J'ai fait semblant jusque là de ne comprendre la citation de Rilke qu'au premier degré, parce que cette histoire d'un dragon qui est lui-même la princesse à délivrer me plaît, mais je n'oublie pas la fin de sa citation, qui montre que princesse et dragon n'étaient qu'une métaphore pour des sentiments très humains : «  Toutes les choses terrifiantes ne sont peut-être que des choses sans secours qui attendent que nous les secourions. » Cette belle phrase parle de tous ces meurtriers sanguinaires qui peuplent les faits divers, et dont on découvre qu'ils ne sont pas guéris de terribles traumatismes de leur enfance ; ou de ces adolescents harcelés qui deviennent harceleurs ; il est rare en effet que l'on fasse du mal aux autres si on n'en a pas été soi-même victime.
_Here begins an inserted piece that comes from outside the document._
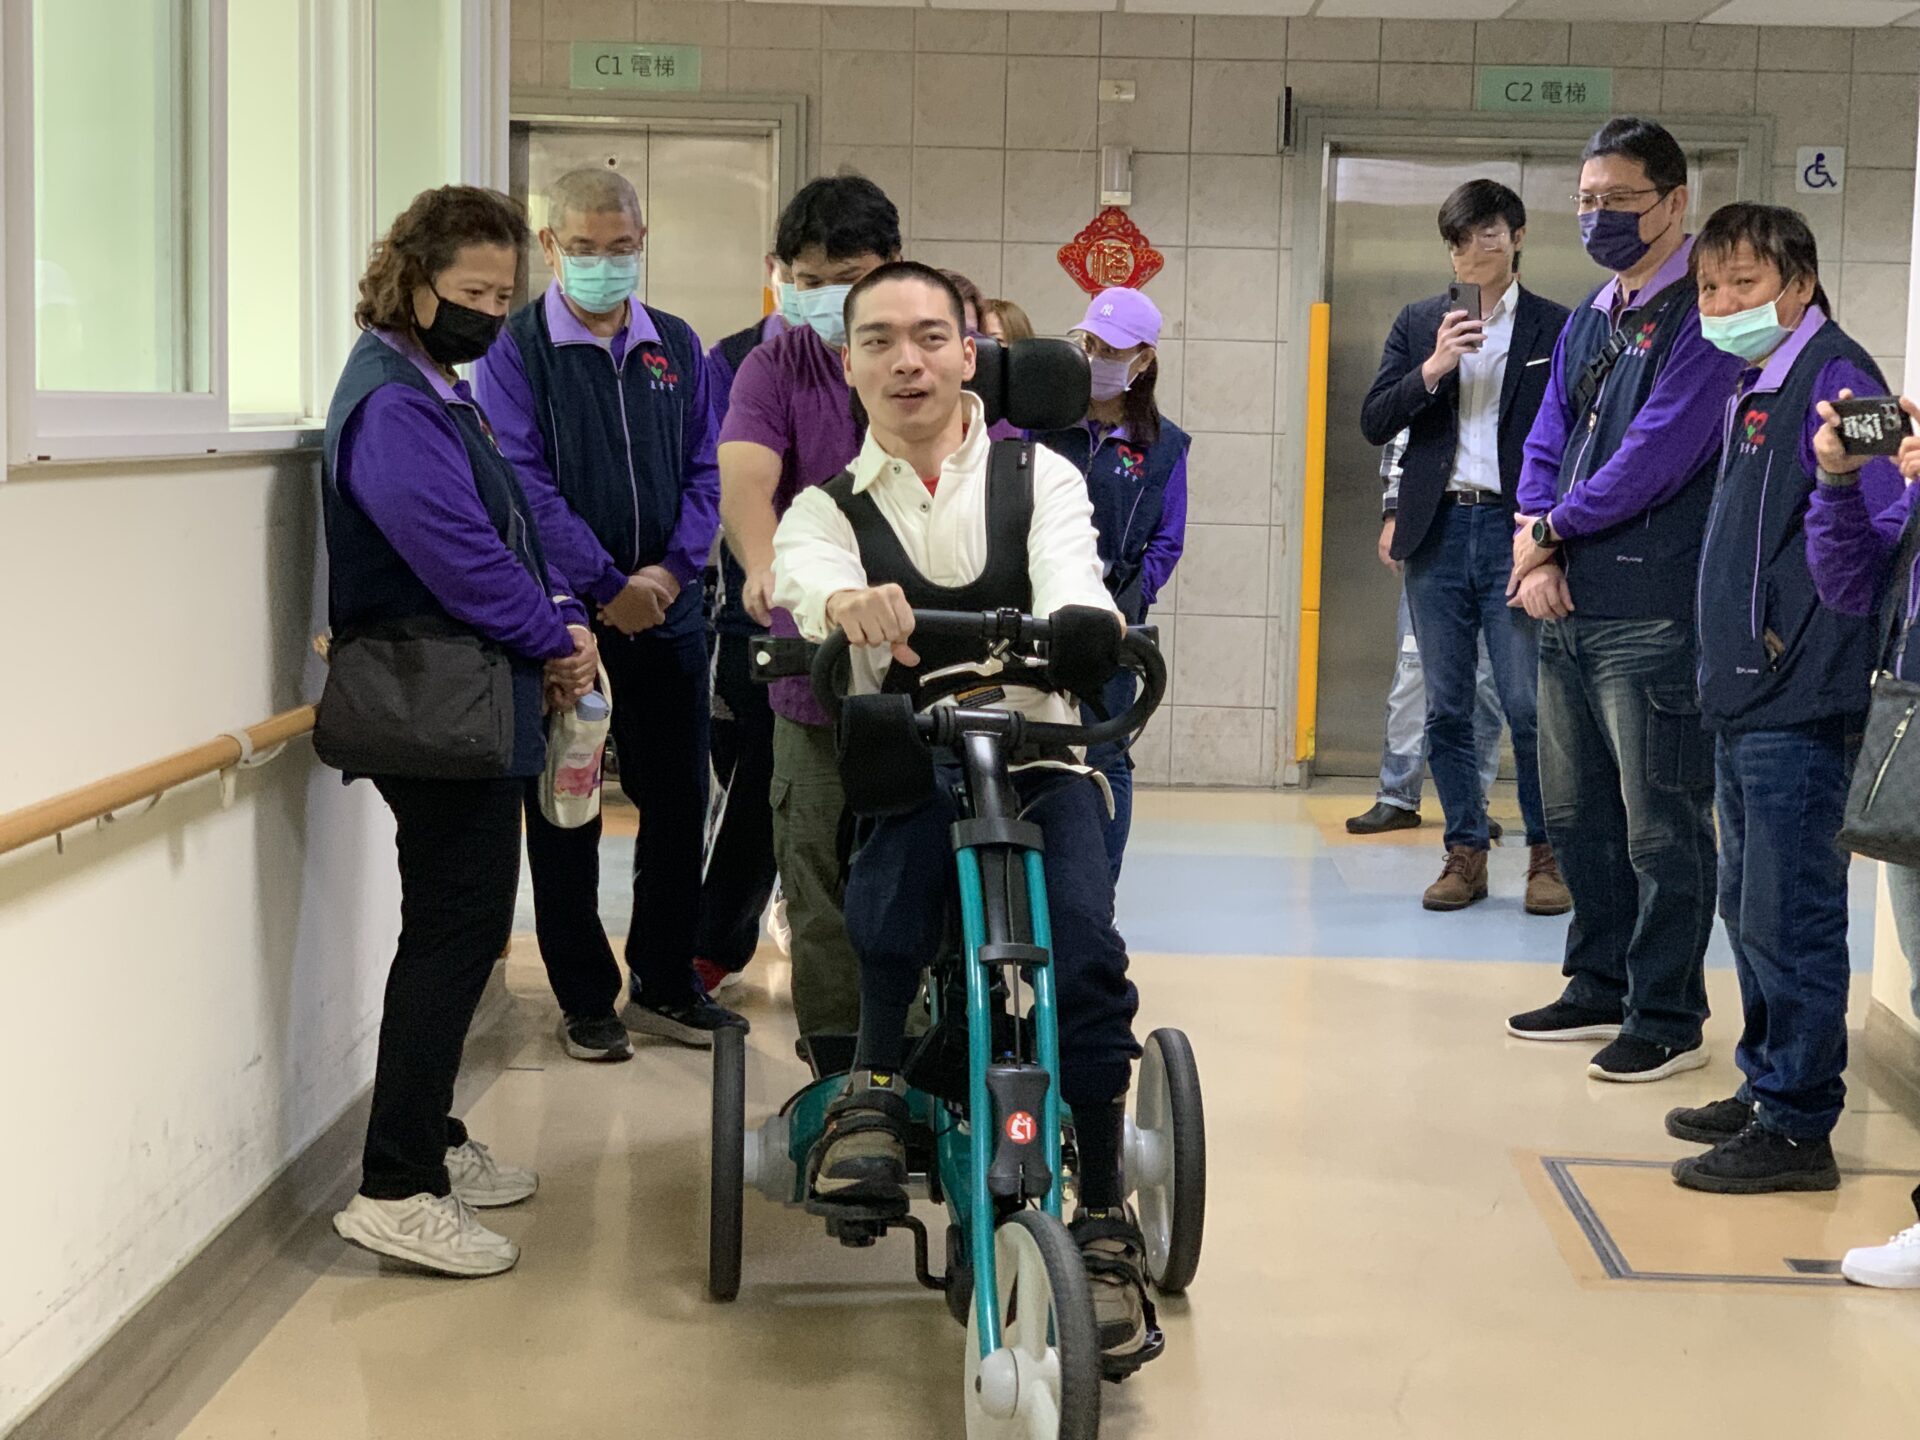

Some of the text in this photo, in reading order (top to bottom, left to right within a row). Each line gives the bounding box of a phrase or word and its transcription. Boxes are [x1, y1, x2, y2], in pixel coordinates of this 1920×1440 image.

[595, 55, 675, 77] C1 電梯
[1505, 82, 1586, 104] C2 電梯
[1090, 240, 1131, 285] 福
Et pour conclure, c'est à nouveau une fiction qui me vient à l'esprit, celle qui raconte selon moi de la façon la plus simple aux enfants cette origine de la méchanceté : c'est le dessin animé de Michel Ocelot, Kirikou et la Sorcière (1998), à la fin duquel on découvre que si Karaba la sorcière est méchante, c'est parce que des hommes lui ont planté un clou dans le dos qui la fait perpétuellement souffrir. Reste maintenant au petit héros à avoir le courage de l'approcher et de lui arracher le clou.
Je vous souhaite beaucoup de courage pour arracher les clous des sorcières de votre vie, pour embrasser les dragons de votre vie, et les transformer ainsi en bonnes princesses...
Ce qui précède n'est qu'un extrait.